She doesn’t remember the impact. She doesn’t remember the glass. The paramedics would later tell her she was conscious for about ninety seconds — long enough to say her name — and then nothing. Traumatic brain swelling, four broken ribs, internal hemorrhaging. The emergency team at St. Catherine’s — her own hospital, where she had worked for six years — opened her up within the hour.

But the bleeding wouldn’t stop. A second surgery was needed. A specialist. More time. And someone had to authorize it.

The emergency contact on her hospital file was the name that had been there since she was eighteen: Gerald Thomas. Her father. Next of kin.

The hospital called him at ten-thirty that night. He arrived at ten-forty-seven — the front desk logged it. But he didn’t go to her room first. He didn’t ask the nurses how she was doing or whether she was stable.

He walked straight to the billing department and asked one question: “How much is this going to cost?”

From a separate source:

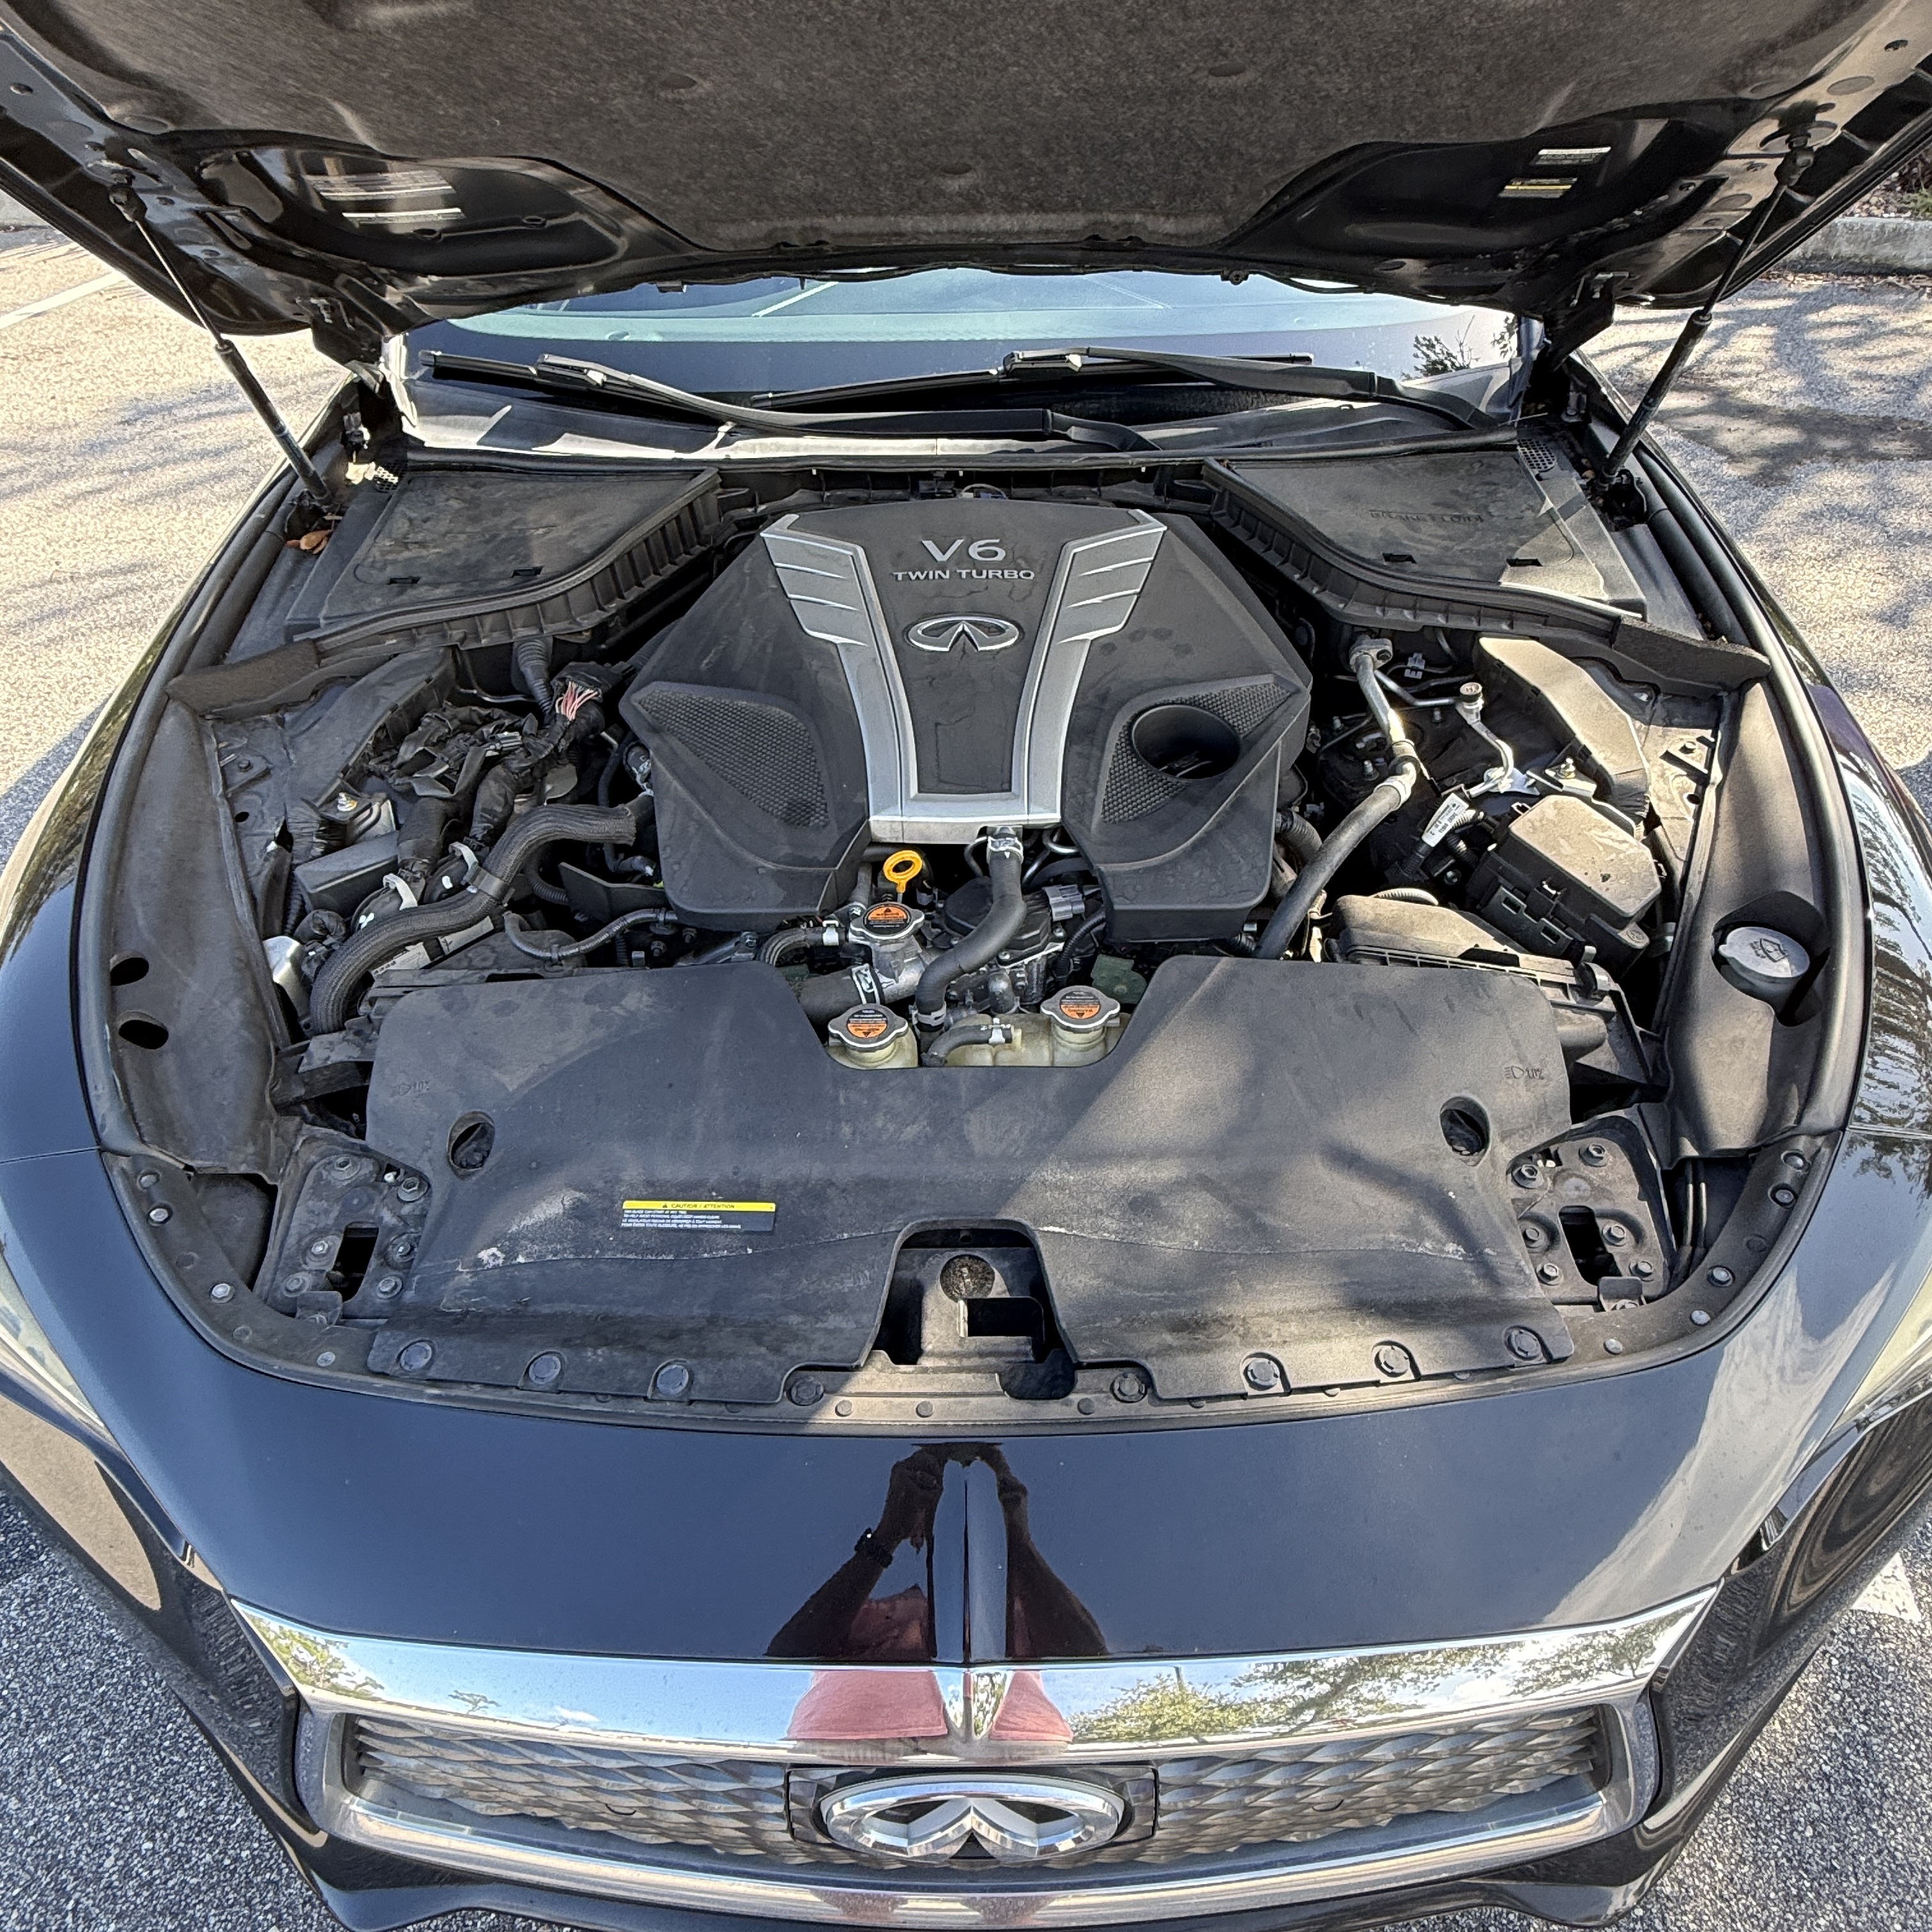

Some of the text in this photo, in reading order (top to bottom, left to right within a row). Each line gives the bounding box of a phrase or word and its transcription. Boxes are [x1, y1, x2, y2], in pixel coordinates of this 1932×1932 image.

Pat Walsh, St. Catherine’s charge nurse and someone Wendy had worked alongside for years, was at the nurses’ station when Gerald Thomas came back from billing and found the surgeon managing Wendy’s case, Dr. Richard Hail. She heard every word.

The second surgery, Dr. Hail explained, would cost between one hundred eighty and two hundred forty thousand dollars depending on complications. Insurance would cover a portion, but significant out-of-pocket expenses remained.

Gerald Thomas didn’t blink.

“She doesn’t have a healthcare proxy,” he said. “I’m her father. I’m the decision maker here.”

That was technically true — protocol when no proxy is on file.

And then he said the words Pat Walsh would later repeat in a voice shaking with contained fury: “Let her go. We won’t pay for the surgery. She’s been a financial drain her whole life.”

He signed the Do Not Resuscitate form at 11:18 that night. His hand was steady. He put the pen down, asked if there was anything else requiring his signature, and walked toward the elevator.

He did not visit his daughter’s room. He did not look through the glass at the woman lying unconscious with tubes in her throat and machines keeping her heart beating.

He simply left.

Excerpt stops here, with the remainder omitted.